Is verification a standard operating procedure today? From this perspective, what do you think?
Sure, address verification and stuff, to make sure the person making the order is shipping the order to the billing address, the IP address making the order is located in the same area as the billing address, etc… But I wasn’t aware they were requiring ID scans for hosting.
I would think that an ID scan can be ponied-up easier than getting a credit card which is honored by a bank so, as a requirement, it’s ridiculous (IMHO, of course)!
I’ve seen it a few times for dedis/vps. It’s an additional measure sometimes required if maxmind or similar fraud detection system flags up an order as ‘high risk’ (sometimes just being from another country is enough)
Yes this is a common feature of the host that I use. If your using fake ID to sign-up then it is a fair bet that you are also using stolen credit to attempt to pay for your hosting. In risk avoidance this is general terms is called ‘upstream problem solving’; the ability to solve problems before they cascade and become larger problems. This way those users caught can’t slip by the payment process.
Also why worry about it as you are giving the host a valid card. Even without being verified in this way at some hosts, they are checking your profile info with the Bank, and that Bank has a very thorough profile on you that is shared across countries. The fact that HostGator is doing this upfront with people might rub civil liberties the wrong way but what is worse you knowing what’s happening or it hiding behind the scenes without you knowing?
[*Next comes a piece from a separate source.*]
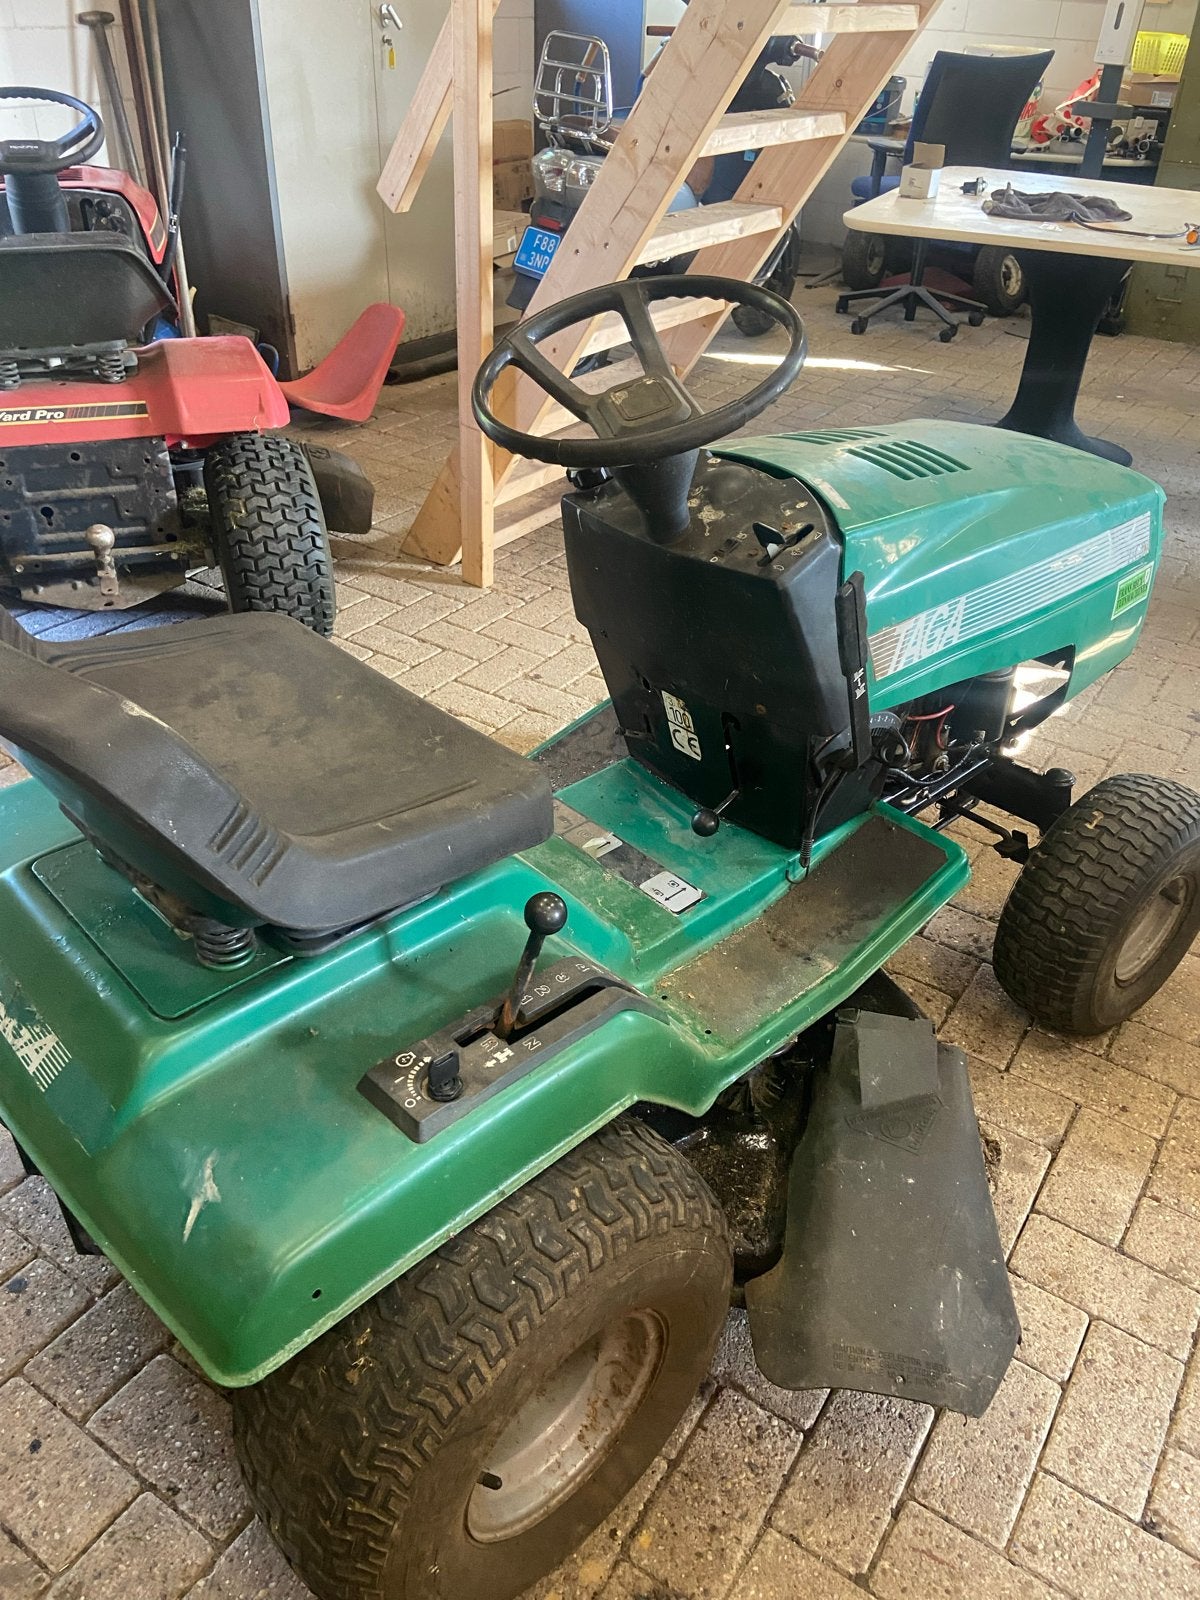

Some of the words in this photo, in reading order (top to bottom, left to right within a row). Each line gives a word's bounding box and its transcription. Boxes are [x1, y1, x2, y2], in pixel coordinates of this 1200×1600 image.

After doing some reading on other boards and seeing how the oversellers appeal to the lowest common denominator like scummy phishers, software pirates and copyright infringers, I can understand their need to do some background checking. I just wasn’t aware it was on its way to becoming a common practice. I suppose a dedicated server is capable of massive amounts of spam, so a little personal verification might not be unreasonable. But still, it’s a pain in the butt and, quite frankly, it isn’t something that honest people are going to like doing.
No, I would not expect someone engaged in the stealing of personal information like credit card numbers, spamming, hacking, or software piracy to use their real identity. But when you are offering “unlimited” server resources for $7 a month, you are going to attract that type of crowd.
I chuckled when I recently read a complaint on another board by an angry webmaster upset because Go Daddy disabled his account for phishing. Can you imagine losing your account over that?
Yes, ID scans are common in the hosting industry. Fraud rates get higher and higher every day across every industry. You have to consider that every action a company performs has a cost associated with it. It is better for a hosting provider to nip it at the bud. As other posts on this thread point out, if someone is willing to use a fraudulent credit card to sign up for a hosting account then what can be expected of them once they have that account active and associated with another person or even a non person. If a legitimate user is having credit card issues then they are more than willing to track down the problem or send in additional information in order to verify identity.